Write out each record exactly as it stands. No pictures belong in the copy.

## Data provided
======

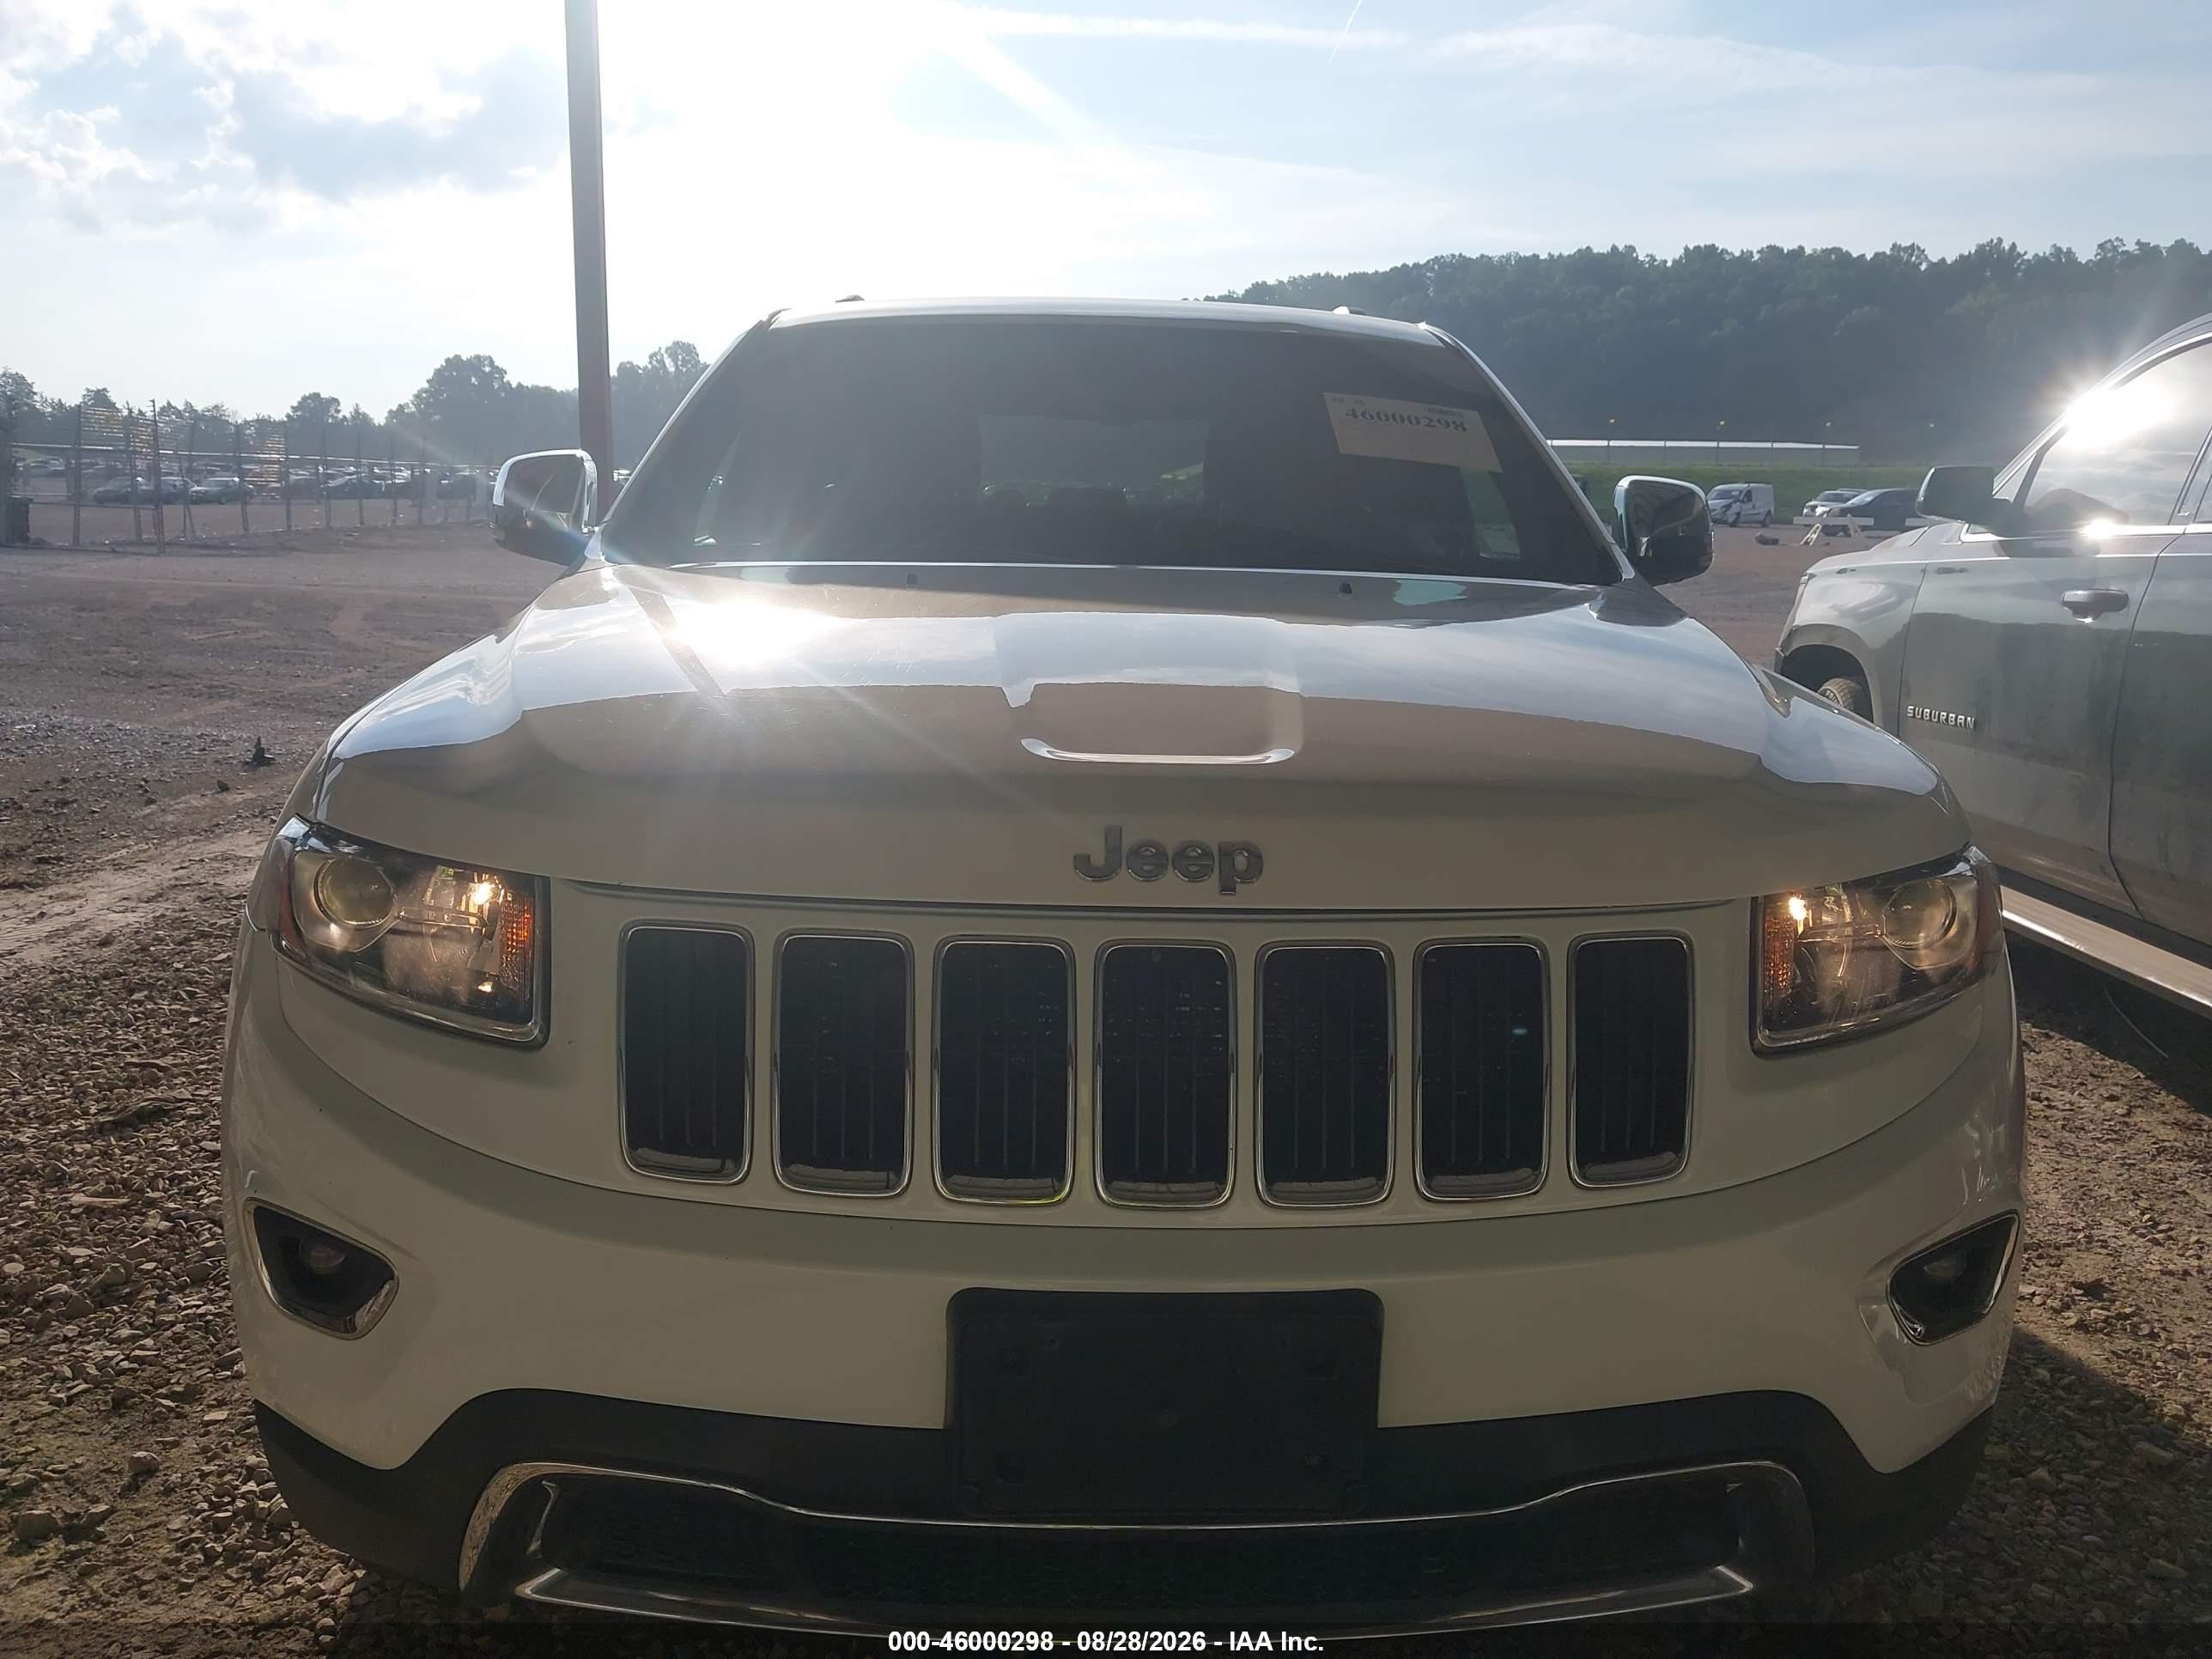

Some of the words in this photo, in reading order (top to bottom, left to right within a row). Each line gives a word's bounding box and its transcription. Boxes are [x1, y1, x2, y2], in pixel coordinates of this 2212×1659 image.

[1346, 408, 1468, 432] 46000298
[1907, 705, 1975, 729] SUBURBAN
[1073, 824, 1264, 896] Jeep
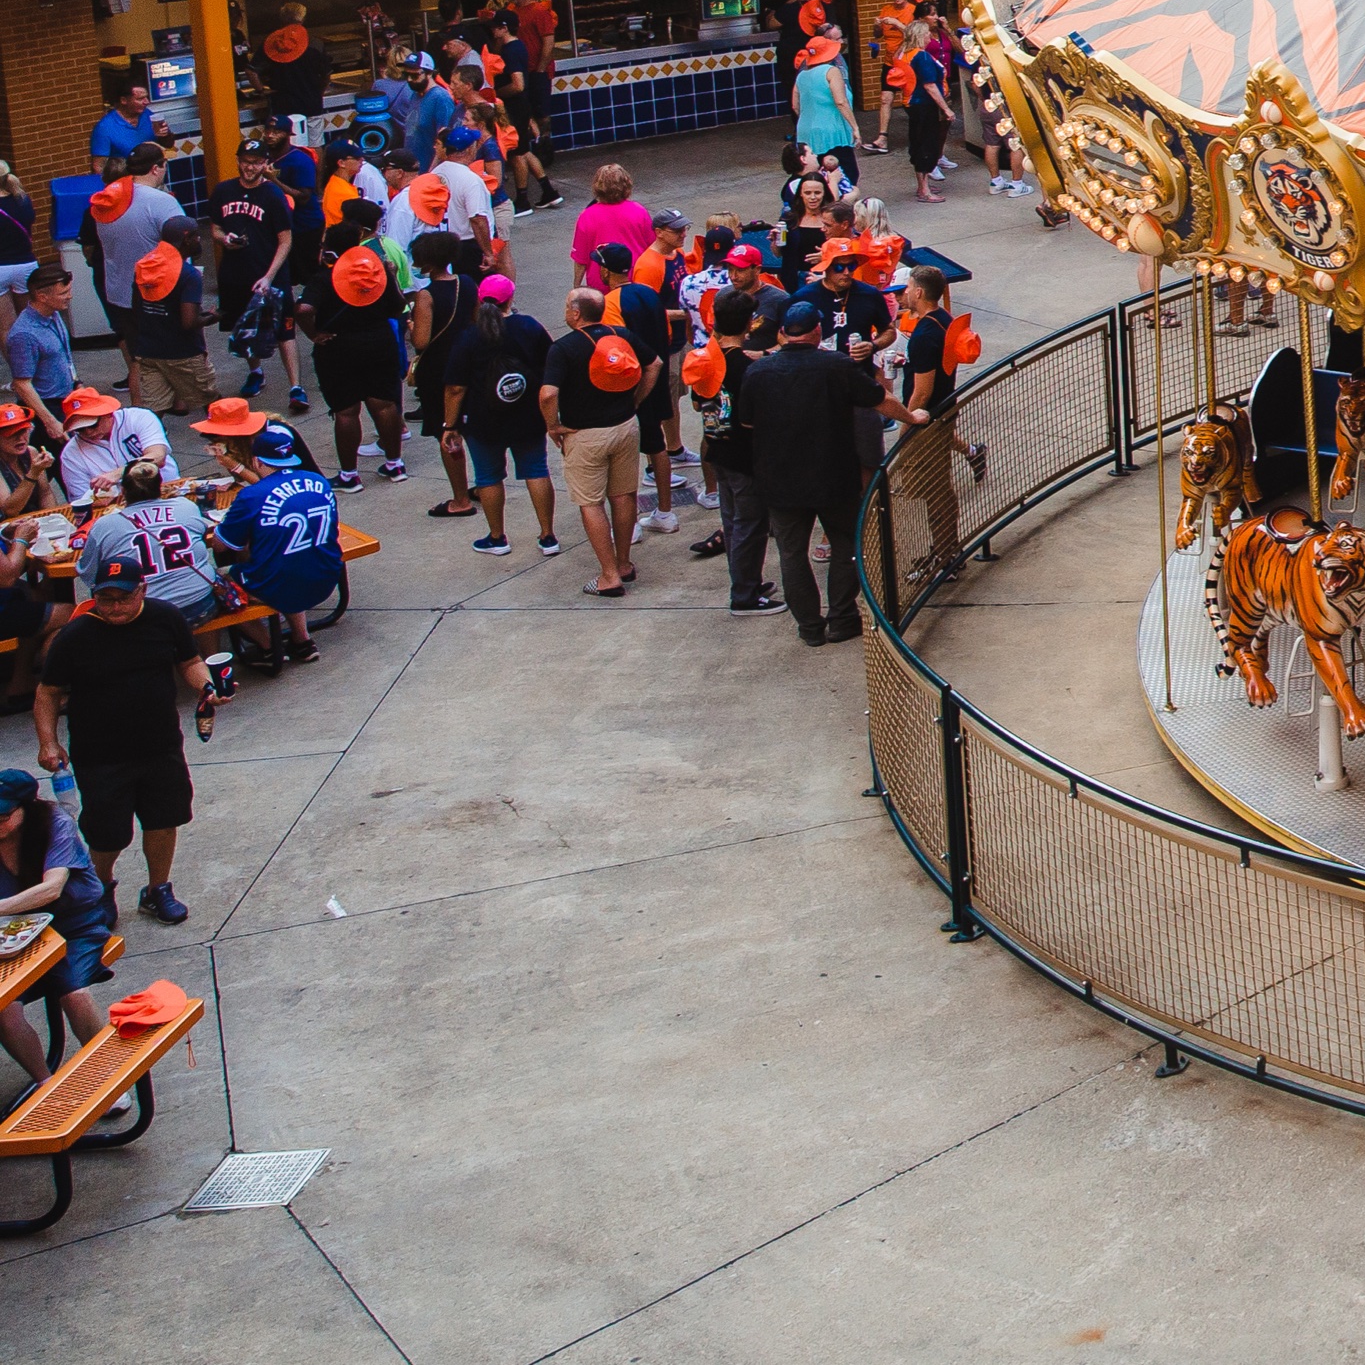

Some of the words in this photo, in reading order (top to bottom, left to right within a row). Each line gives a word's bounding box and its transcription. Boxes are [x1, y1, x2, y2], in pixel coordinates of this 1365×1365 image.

======

## Expected output
Some of the words in this photo, in reading order (top to bottom, left to right within a row). Each line gives a word's bounding box and its transcription. Boxes are [x1, y1, x2, y2], in pixel coordinates of this 2212×1659 image.

[1346, 408, 1468, 432] 46000298
[1907, 705, 1975, 729] SUBURBAN
[1073, 824, 1264, 896] Jeep

Some of the words in this photo, in reading order (top to bottom, left to right within a row). Each line gives a word's bounding box and its transcription. Boxes are [x1, y1, x2, y2], in pixel coordinates of this 1365×1365 image.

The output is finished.